# Your assignment
An exact copy of every entry is needed here; the images stay out.

* * * * * * *

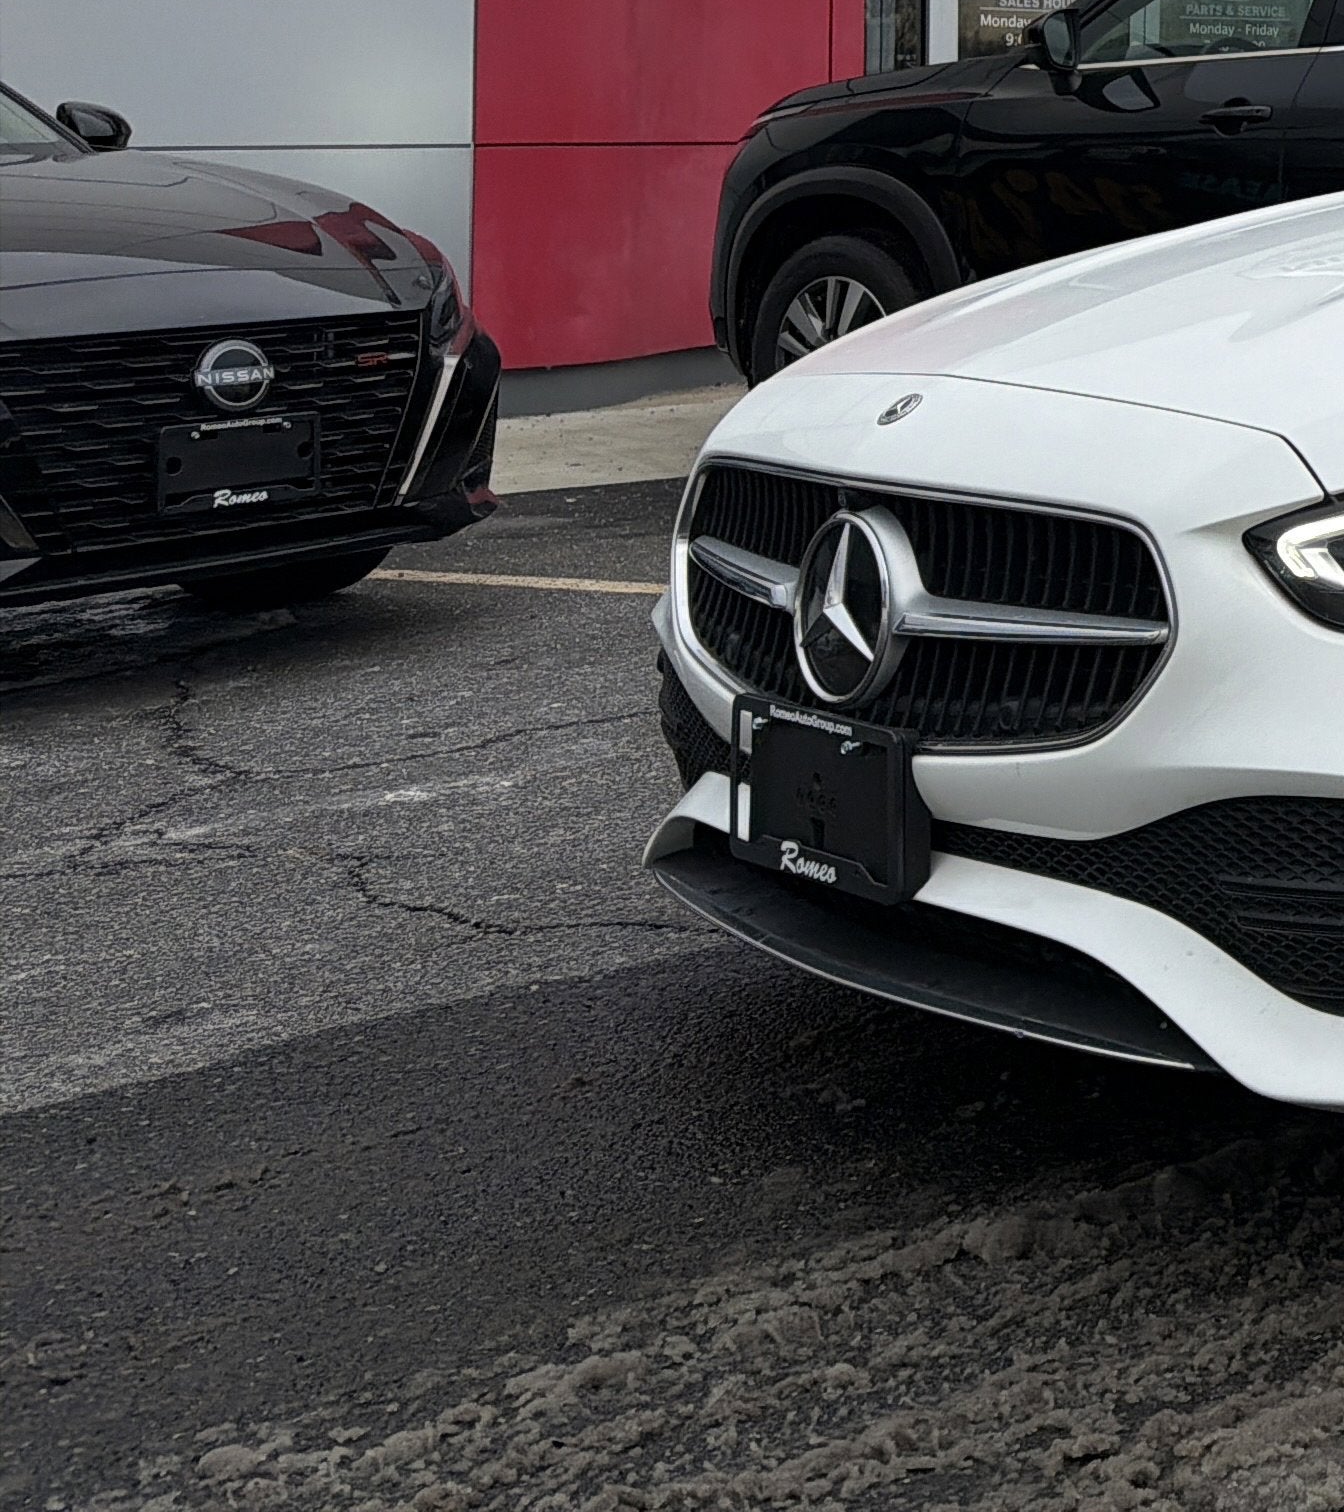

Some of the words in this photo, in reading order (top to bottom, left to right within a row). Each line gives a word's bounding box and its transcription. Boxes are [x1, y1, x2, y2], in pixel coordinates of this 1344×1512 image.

[1185, 4, 1222, 16] PARTS
[1226, 5, 1234, 16] &
[1237, 5, 1286, 17] SERVICE
[1189, 23, 1235, 36] Monday
[1245, 24, 1280, 38] Friday
[357, 352, 389, 367] SR
[198, 366, 275, 385] NISSAN
[200, 418, 283, 432] RomeoAutoGroup.com
[212, 489, 269, 508] Romeo
[769, 704, 853, 737] RomeoAutoGroup.com
[779, 840, 838, 884] Romeo
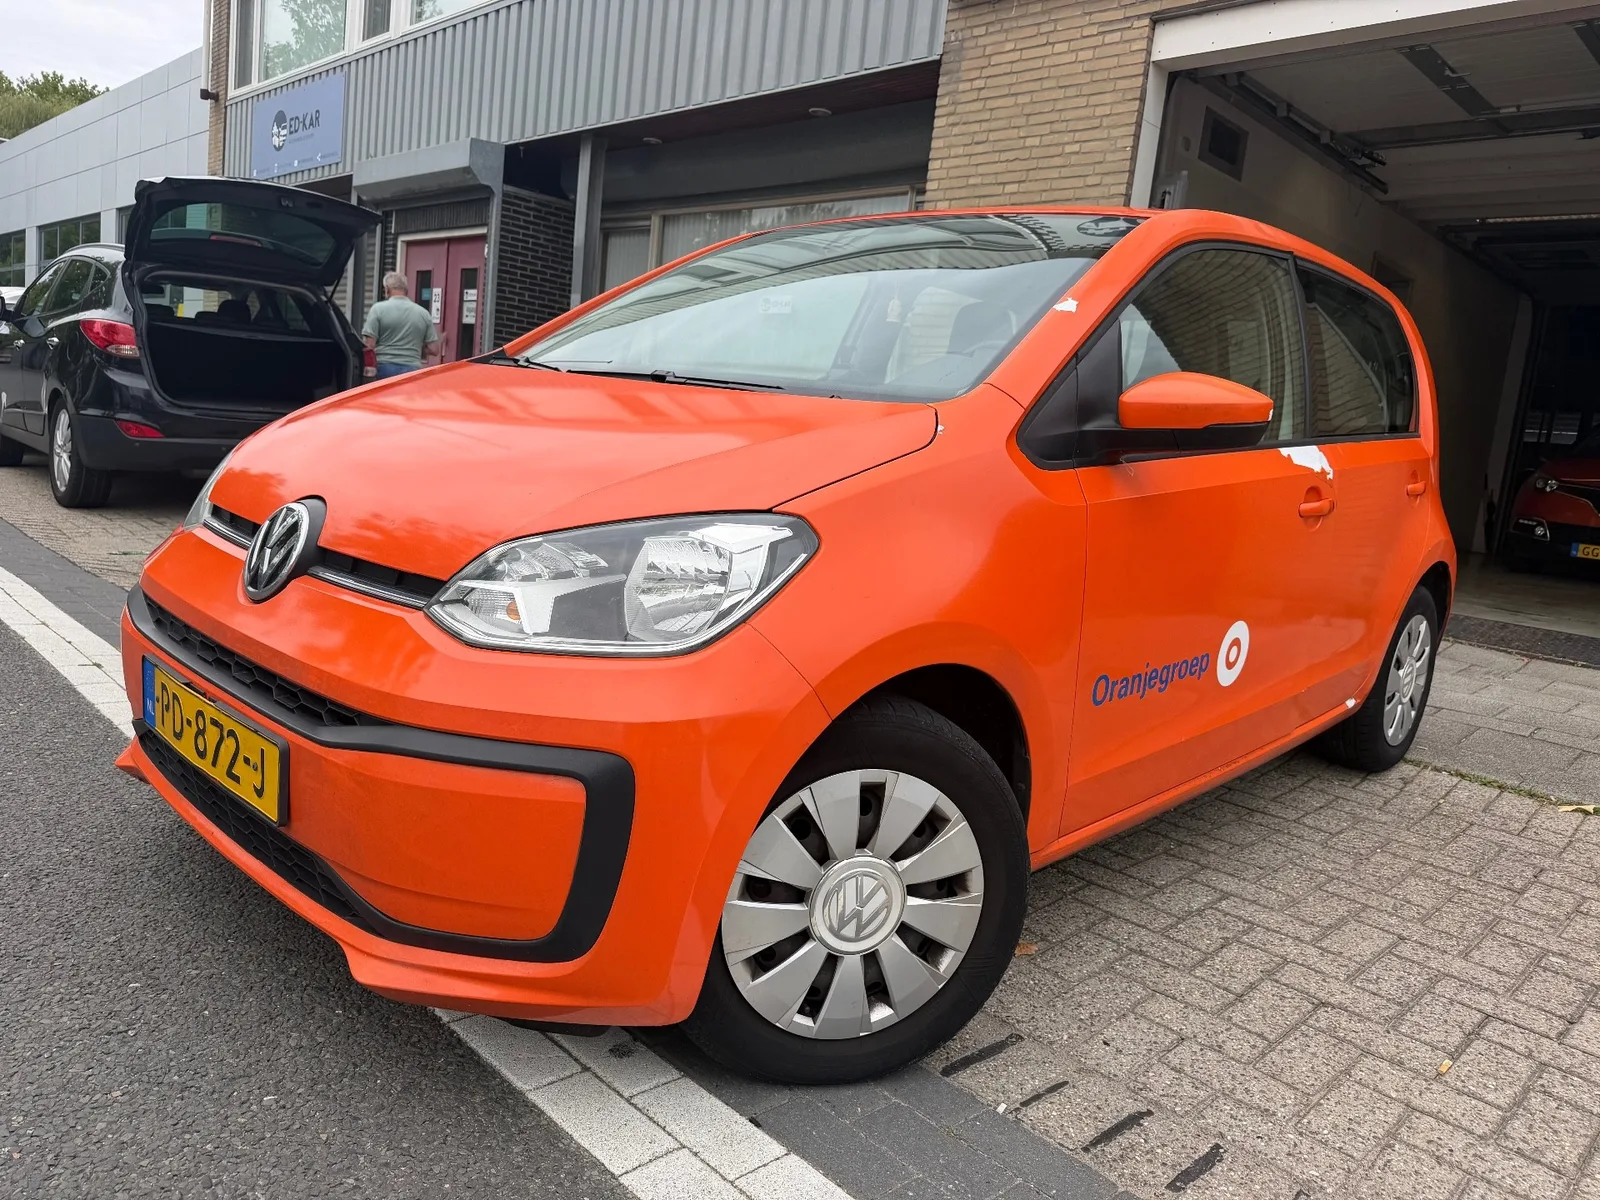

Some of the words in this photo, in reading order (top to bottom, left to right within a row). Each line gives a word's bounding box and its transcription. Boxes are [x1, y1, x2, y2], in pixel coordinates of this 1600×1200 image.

[146, 697, 155, 716] NL
[1092, 652, 1210, 707] Oranjegroep
[160, 681, 265, 799] PD-872-J
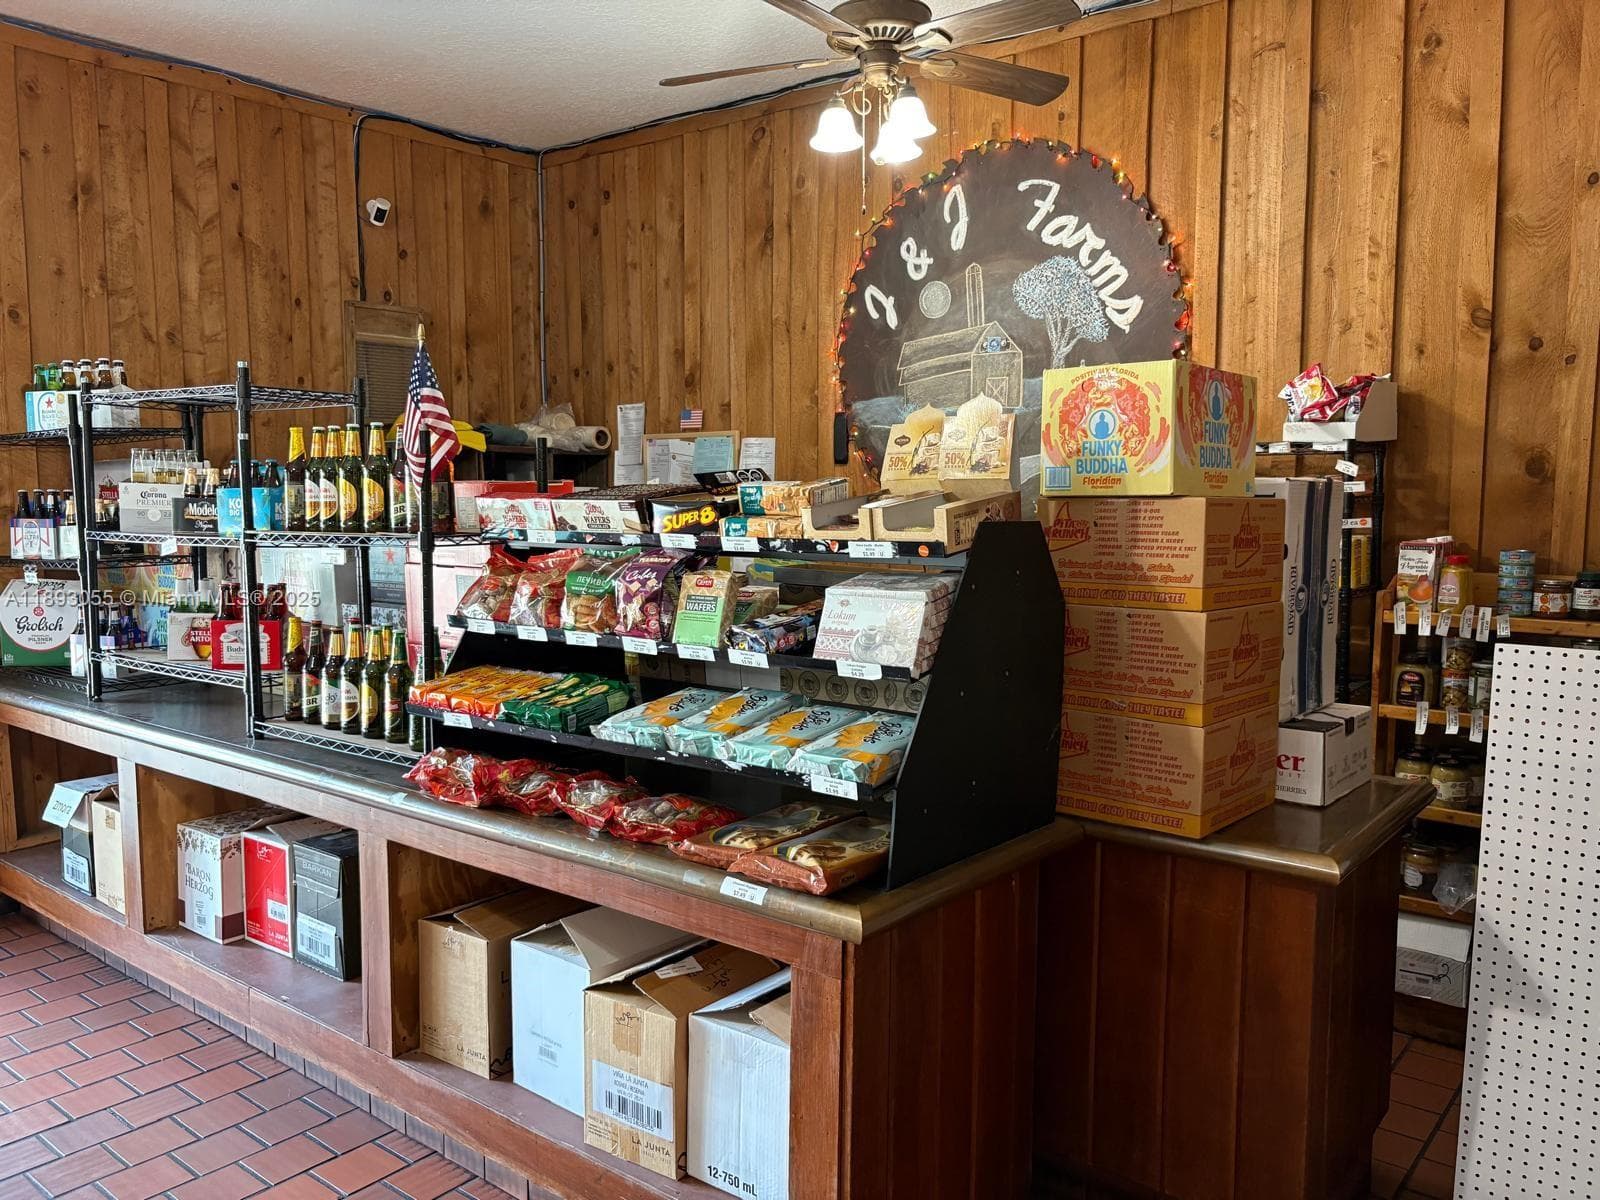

* * * * * * *

# The completed task
Some of the words in this photo, in reading order (top to bottom, left to right within a row). Each line gives a word's bounding box and its transcription. Boxes are [x1, y1, x2, y2], in pixel coordinates of this 1344×1512 image.

[1185, 4, 1222, 16] PARTS
[1226, 5, 1234, 16] &
[1237, 5, 1286, 17] SERVICE
[1189, 23, 1235, 36] Monday
[1245, 24, 1280, 38] Friday
[357, 352, 389, 367] SR
[198, 366, 275, 385] NISSAN
[200, 418, 283, 432] RomeoAutoGroup.com
[212, 489, 269, 508] Romeo
[769, 704, 853, 737] RomeoAutoGroup.com
[779, 840, 838, 884] Romeo

Some of the words in this photo, in reading order (top to bottom, left to right within a row). Each line gives a word's bounding box and its transcription. Boxes are [x1, y1, x2, y2], in pixel coordinates of this 1600×1200 image.

[146, 697, 155, 716] NL
[1092, 652, 1210, 707] Oranjegroep
[160, 681, 265, 799] PD-872-J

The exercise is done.